_Required work_
Skip every image and restate the data word for word.
[Provided records — start]
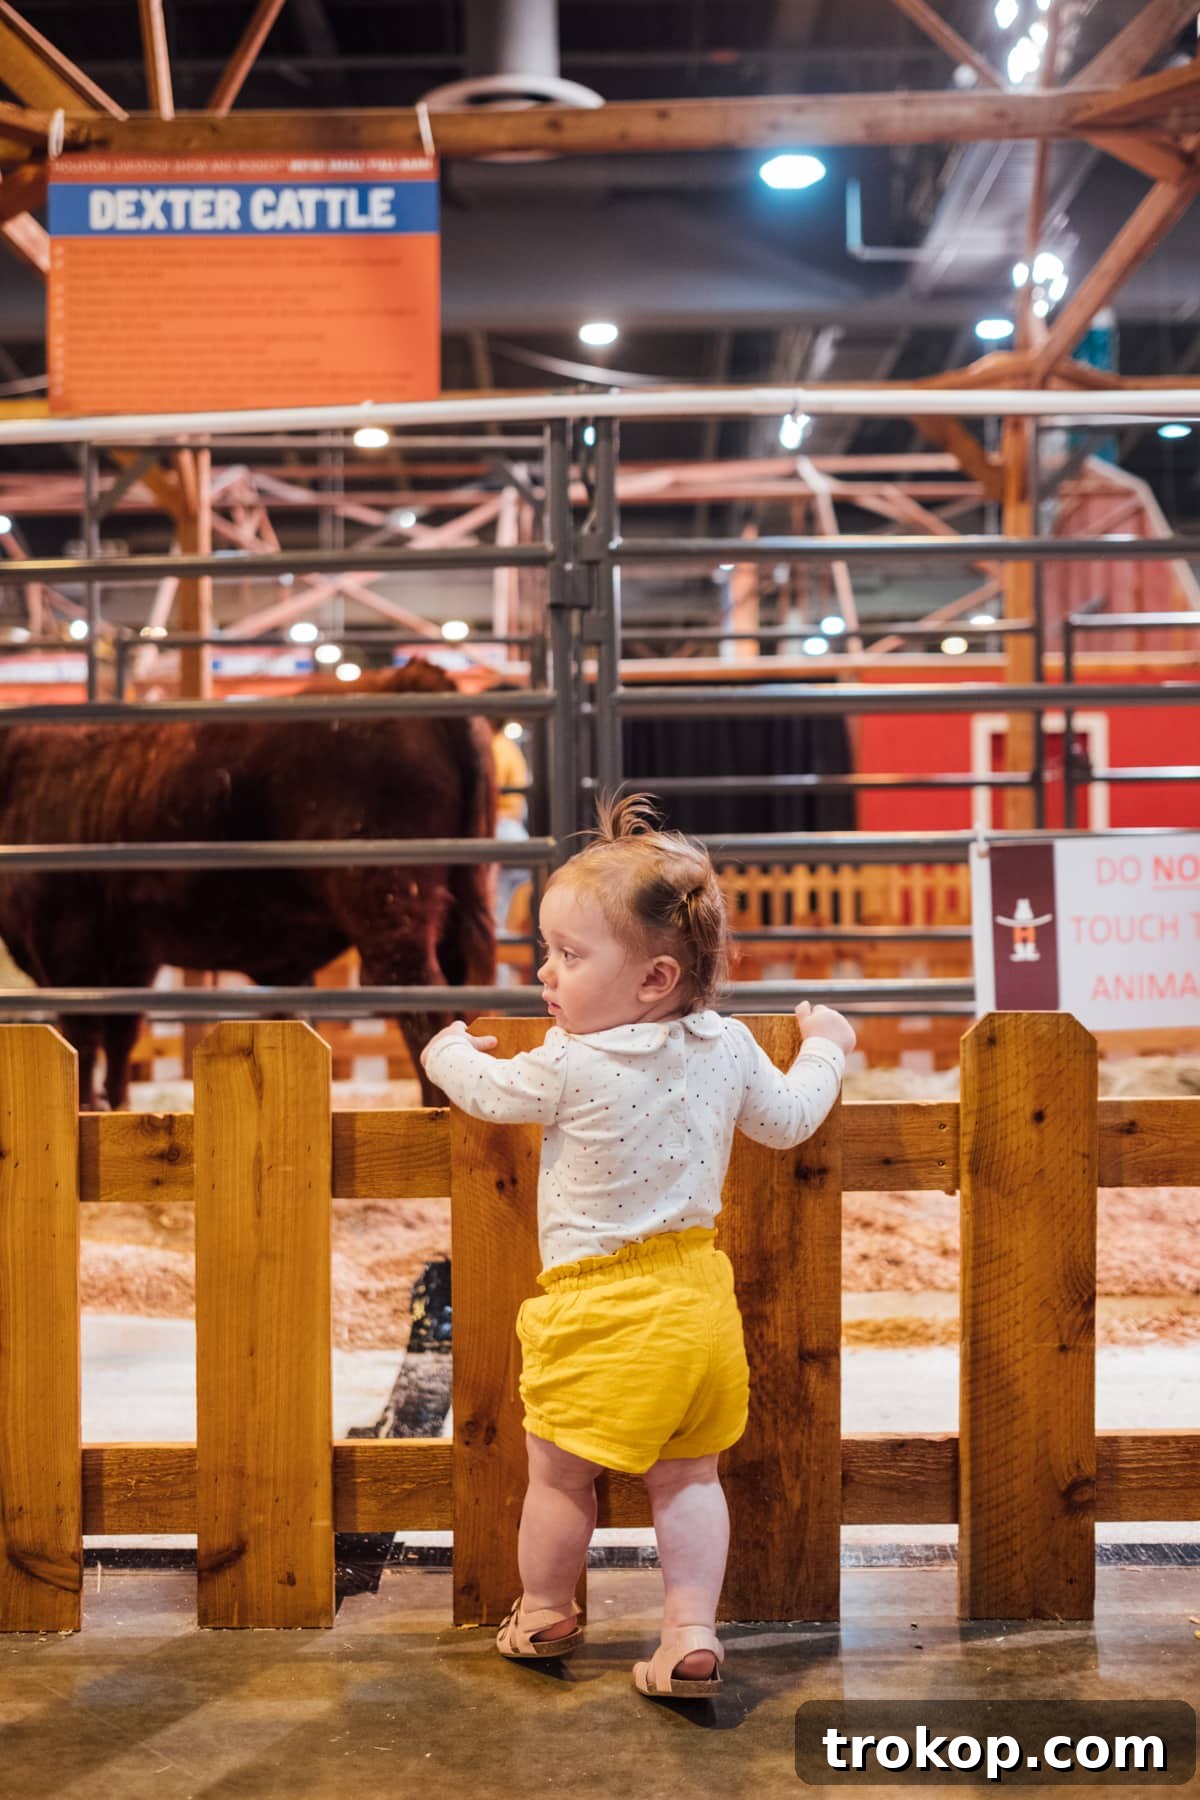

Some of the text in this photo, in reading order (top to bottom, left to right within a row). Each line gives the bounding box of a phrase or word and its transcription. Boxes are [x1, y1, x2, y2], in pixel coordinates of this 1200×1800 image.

[88, 187, 396, 231] DEXTER CATTLE
[1096, 855, 1142, 886] DO
[1070, 912, 1181, 945] TOUCH
[1091, 970, 1200, 1002] ANIMA
[Provided records — finish]
_Completed task_
Some of the text in this photo, in reading order (top to bottom, left to right within a row). Each line gives the bounding box of a phrase or word and its transcription. Boxes are [x1, y1, x2, y2], in pixel coordinates of this 1200×1800 image.

[88, 187, 396, 231] DEXTER CATTLE
[1096, 855, 1142, 886] DO
[1070, 912, 1181, 945] TOUCH
[1091, 970, 1200, 1002] ANIMA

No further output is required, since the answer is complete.